Would like some feedback. Not medical advice, just patient opinions from other CKD people. I've moved back into stage 3 CKD and am feeling quite well but neph wondered if I should go ahead and have the arterial-venous access graft surgery some time this year in case dialysis becomes necessary sooner than we currently think it might. I asked my neph to refer me to another neph for 2nd opinion and am in the process of getting an appointment for that consult. I don't want to put anyone on the spot but here's my question: would you go ahead and have the graft done if your eGFR is 33 and your BUN and creatinine are coming down closer to "normal" (but still high) or would you wait and see if your kidney function improves some more? I'm not asking for diagnoses or medical advice, I just want to know what others in my situation might do. Thanks!

@kamama94 In the past 4 years my eGFR has ranged from 10 to 17. At the recommendation of my nephrologist, I had the fistula surgery done 3 1/2 years ago. Still not on dialysis yet. If my eGFR was 33 and holding steady, I would not have the surgery. If it was dropping, I would begin thinking about it, but would probably wait until it was lower. That's my opinion.

@marvinjsturing, thank you very much for sharing this. Neph was thinking if there was a sudden drop or an emergent situation they'd have to access the vasculature in my neck, which even though I'm a nurse I think is pretty drastic and wouldn't want to have to go that route. But I was thinking ig my eGFR stays at 33 or even improves, I might be able to wait awhile. When you had your fistula surgery, was it outpatient? Did you have to do dressing changes or was it "bandaid" surgery? How long did it take to do it and how long did it take to heal and "ripen"? Is it uncomfortable for you now? Sorry to pester you with more questions but I appreciate your input. Thanks again.

@kamama94 My surgery was done as an outpatient. It was done 3 1/2 years ago. I don't remember having to change any dressings. I went back to see the surgeon 4 months after my surgery. At that time, he told me I had to continue "exercising" the fistula, but it really didn't grow much after that. Mine is in the upper left arm. I was told that the first choice is in the lower arm, but the veins in both of my lower arms were shot from all the chemo I received. Most of the time, it doesn't bother me.
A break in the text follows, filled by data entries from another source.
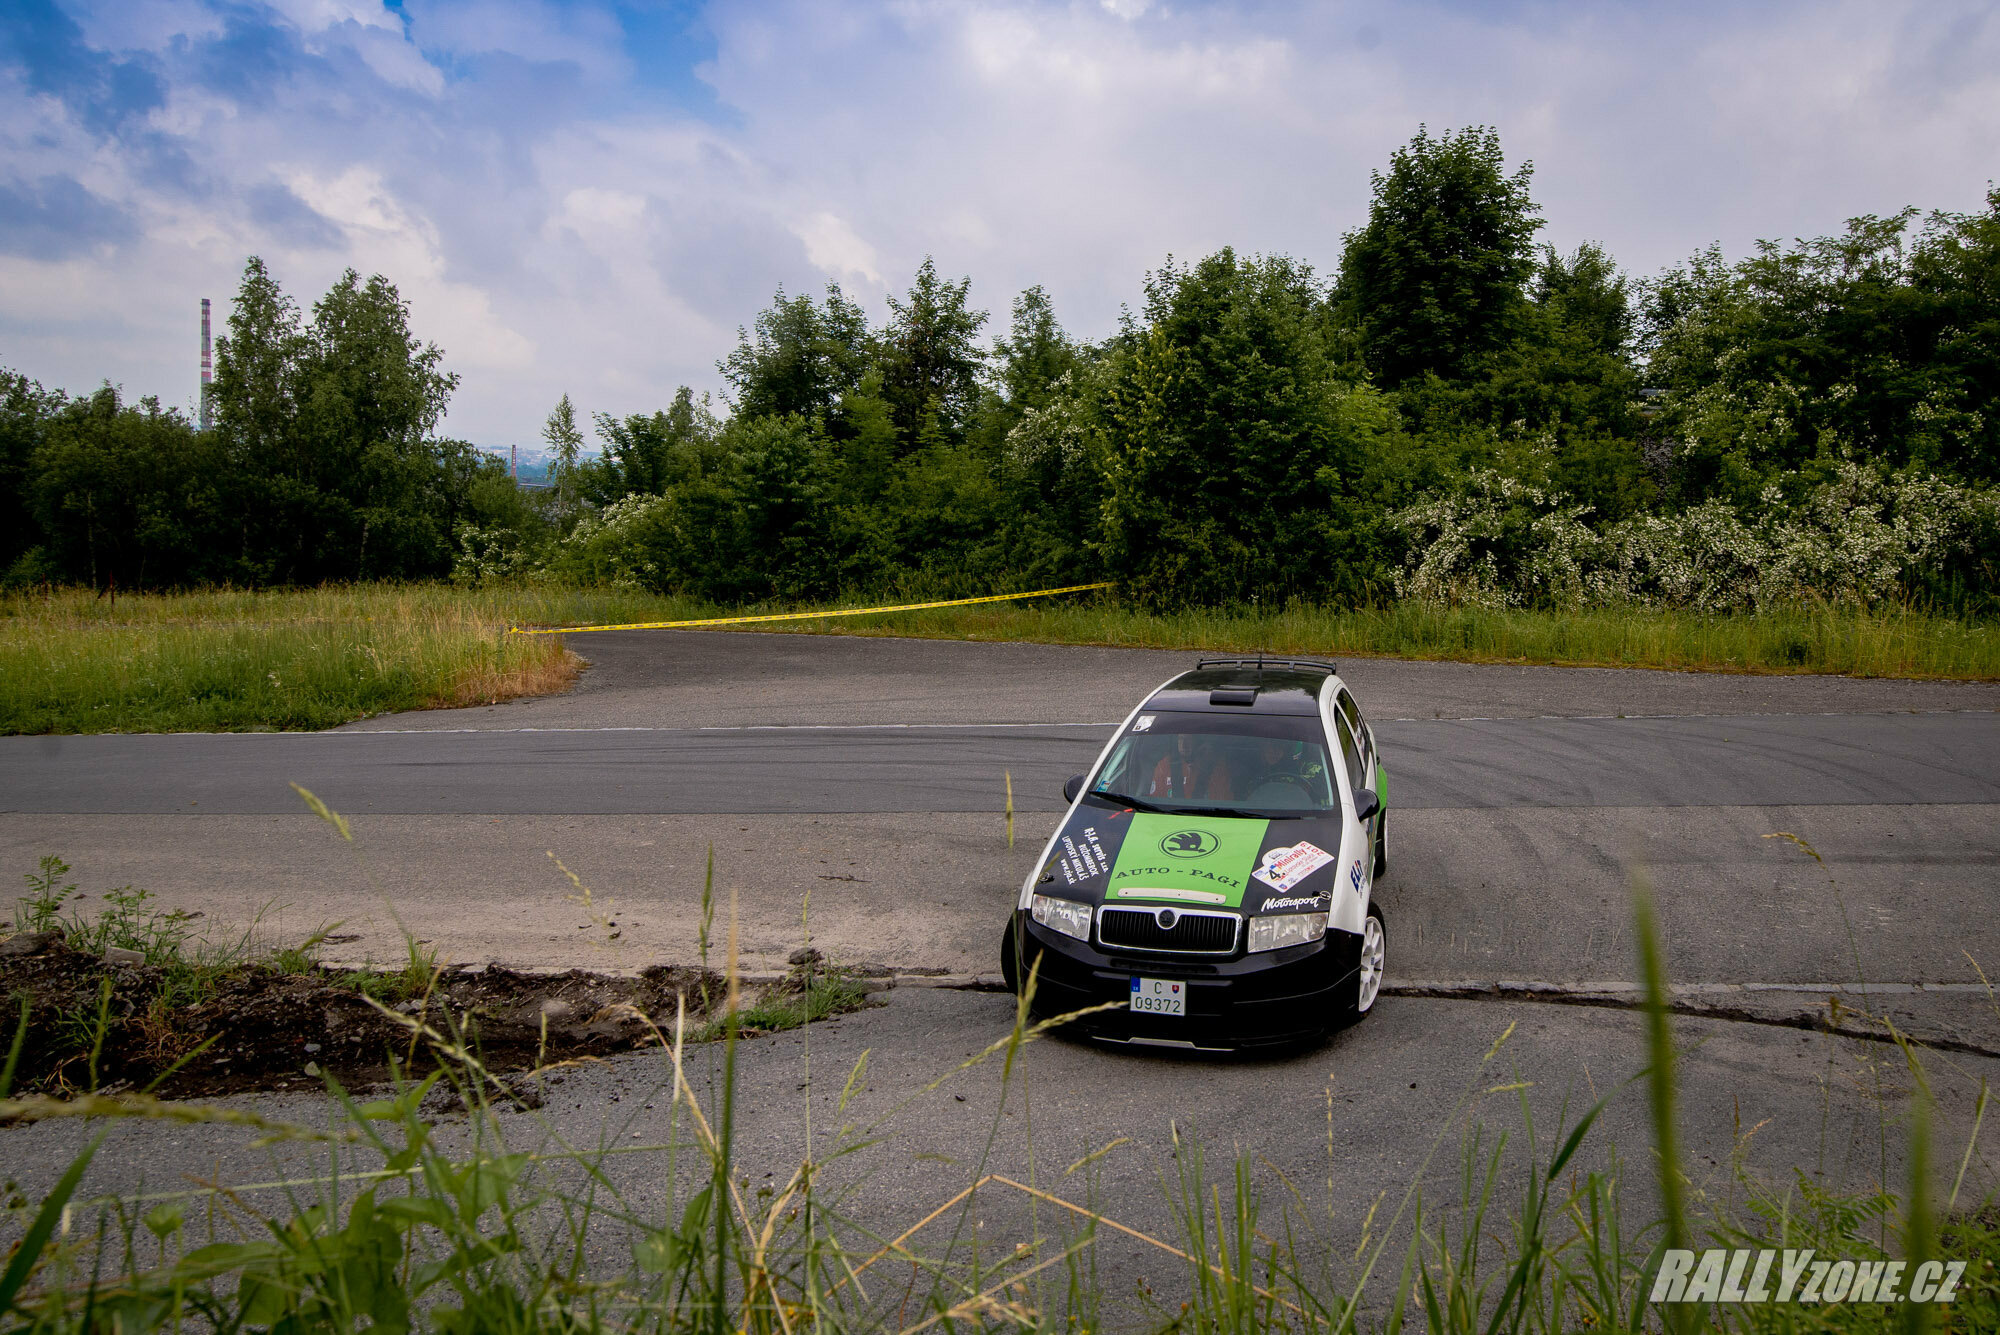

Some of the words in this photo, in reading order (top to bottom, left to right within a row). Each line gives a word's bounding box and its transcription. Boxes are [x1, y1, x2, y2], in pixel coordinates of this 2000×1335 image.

[1092, 843, 1107, 861] servis
[1274, 848, 1308, 869] Minirally
[1115, 867, 1170, 879] AUTO
[1189, 868, 1241, 888] PAGI
[1260, 896, 1321, 912] Motorsport
[1154, 981, 1162, 994] C
[1135, 996, 1181, 1013] 09372
Once in a while, it feels like it is pressing on the muscles in my arm. The one thing I didn't expect was that in order to protect the fistula, I cannot wear my watch on my left arm and you are never supposed to draw blood or take your blood pressure using that arm. Because the fistula is in my left arm, I am not supposed to lay on my left side when I sleep at night.You are supposed to check it every day to make sure there is a thrill or a pulse. With mine, I can look at it and see it pulsing. But when you put your hand on it, you can easily feel the thrill. (I have no idea why it is called a thrill, but I like to say that dialysis nurses get a thrill out of feeling my arm.)

A couple of year ago, my wife temporarily needed dialysis after her heart valve replacement surgery. She had it done in her neck. I am glad I have my fistula, because after watching her, I don't want it done in my neck.
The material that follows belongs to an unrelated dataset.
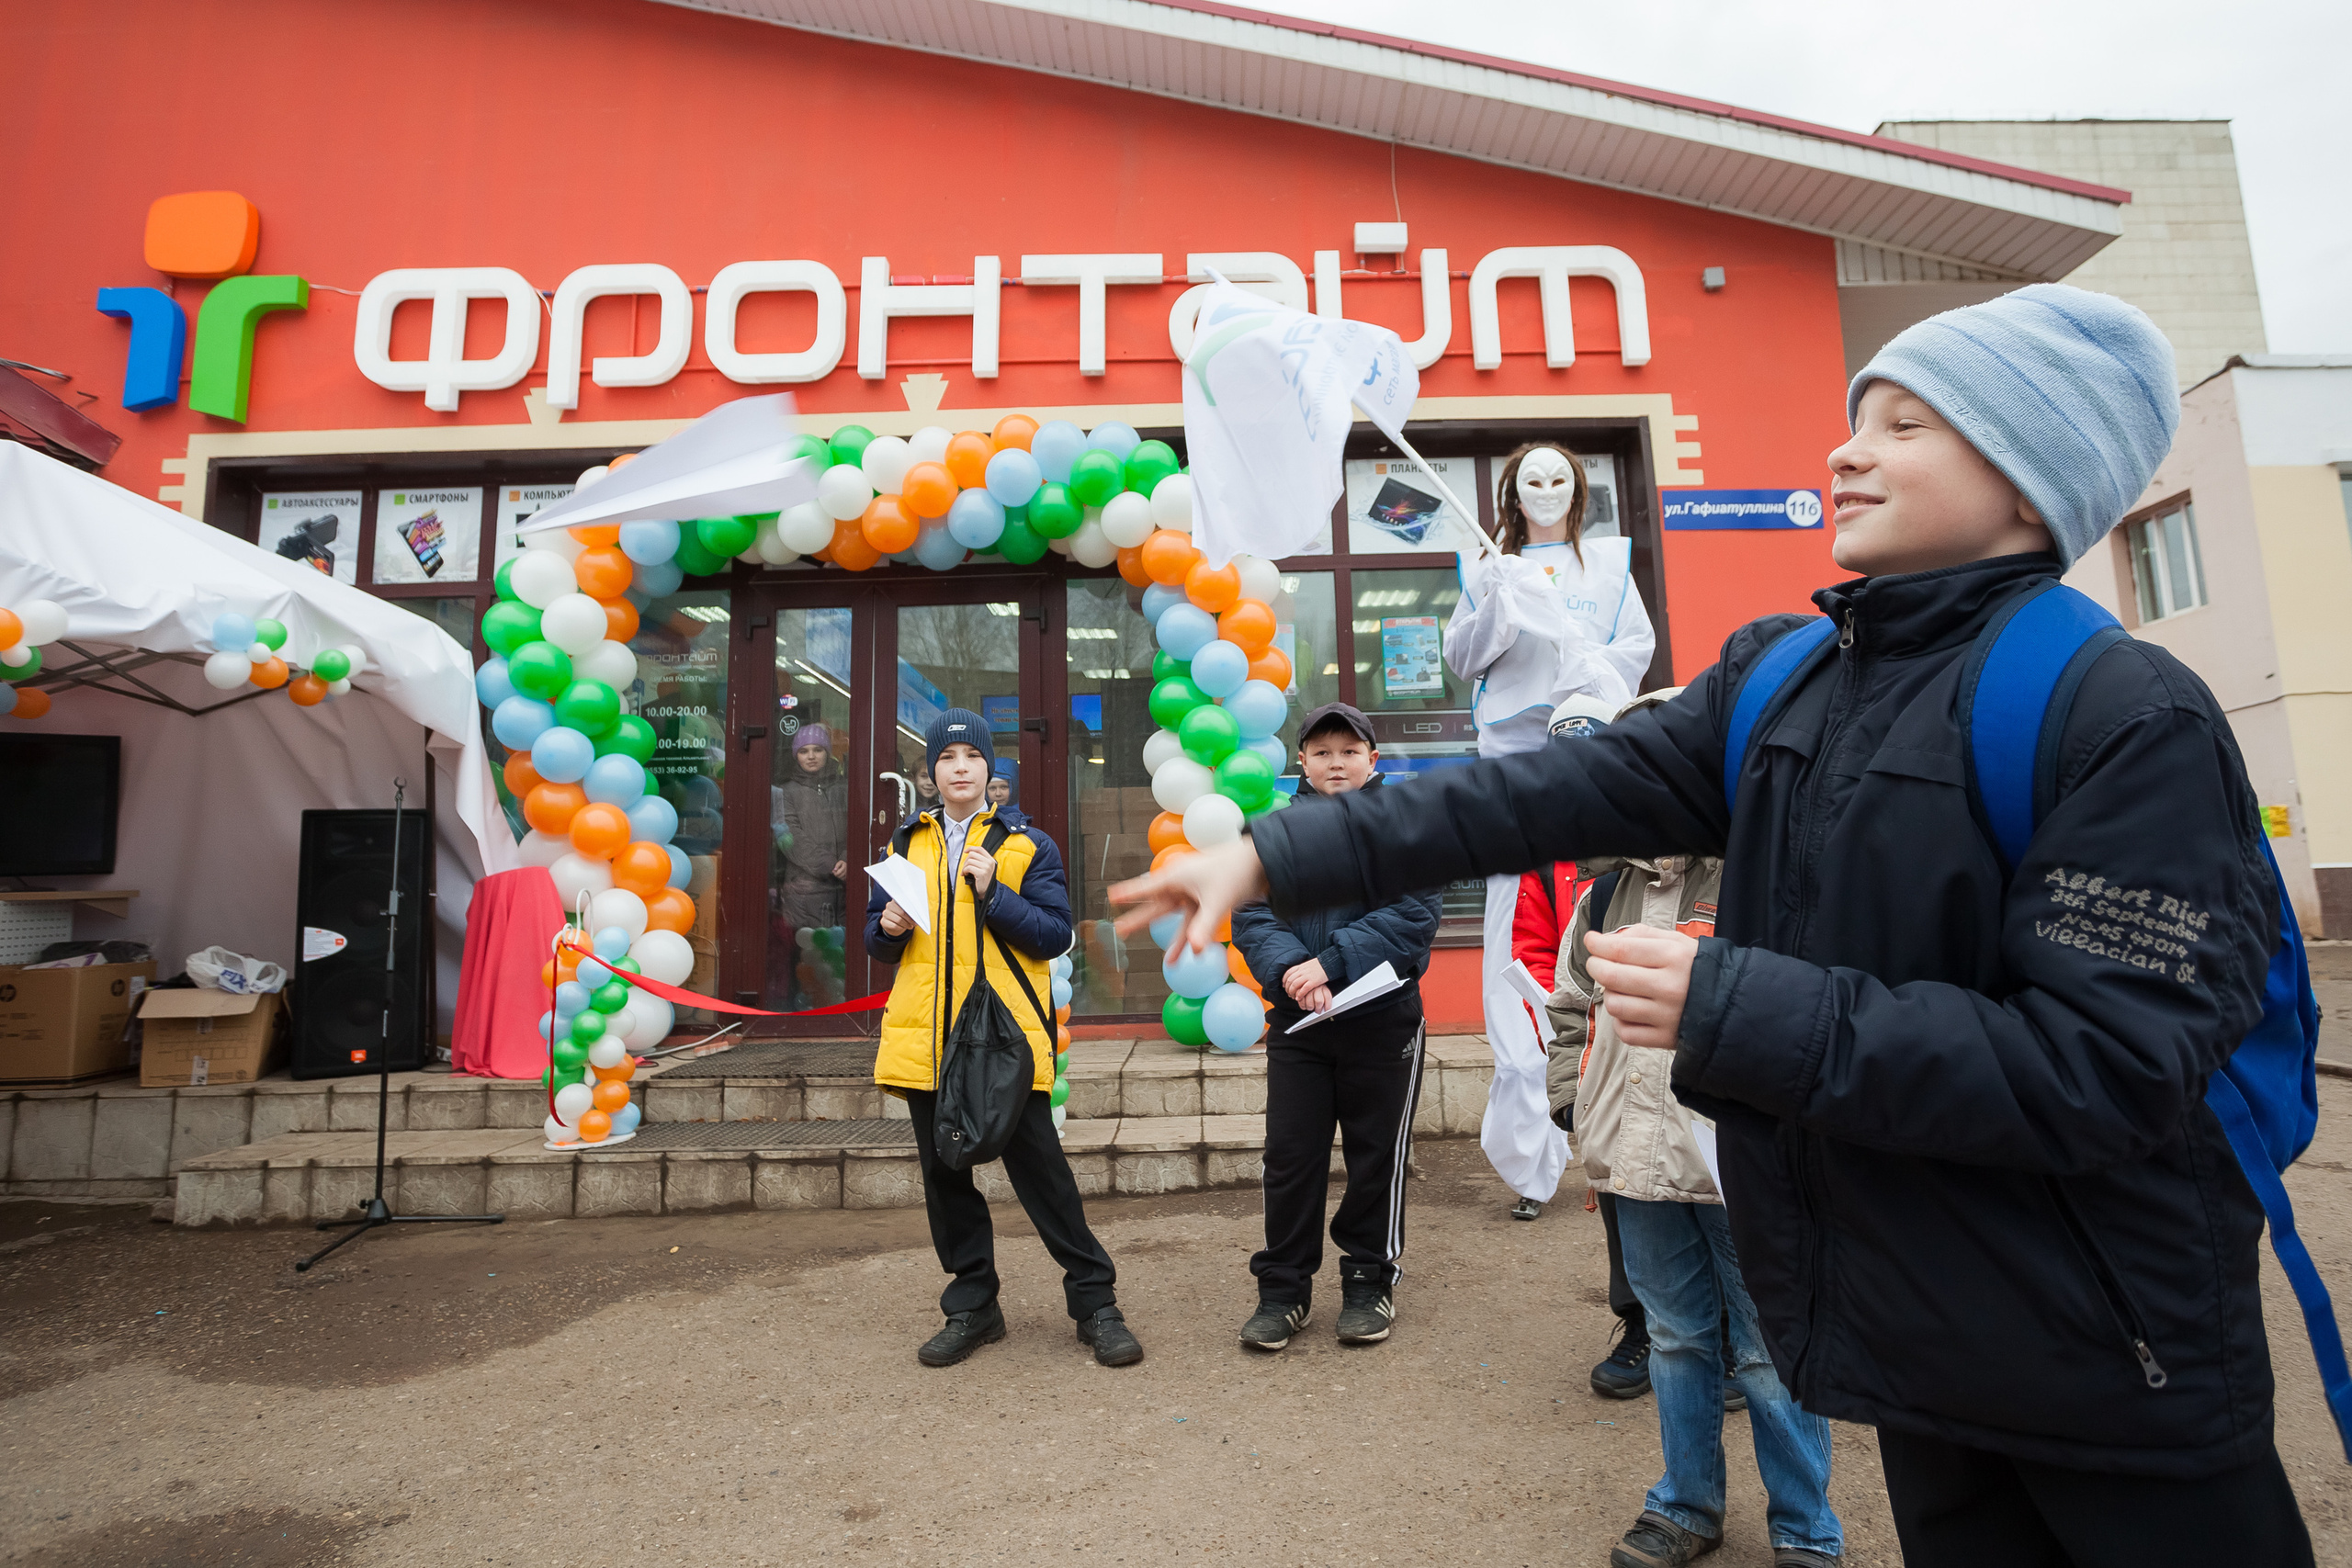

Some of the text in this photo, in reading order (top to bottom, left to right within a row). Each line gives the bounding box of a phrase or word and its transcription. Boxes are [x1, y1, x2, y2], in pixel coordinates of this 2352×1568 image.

My husband's tunnel catheter was in his upper right chest, not neck. It had to be kept dry and the dressing changed each time of dialysis, but it was not painful. It is supposed to be a temporary solution when dialysis is needed and there is no fistula. At the time they put it in (March 2017), they did not expect him to live very long. In June of 2017 he was put on Keytruda, which has kept the cancer at bay - it truly is a miracle drug.

His fistula was put in last June. The operation did not take an hour or so, and was outpatient. They did not start using it until November.

Thanks, @gaybinator. Sending you both positive thoughts.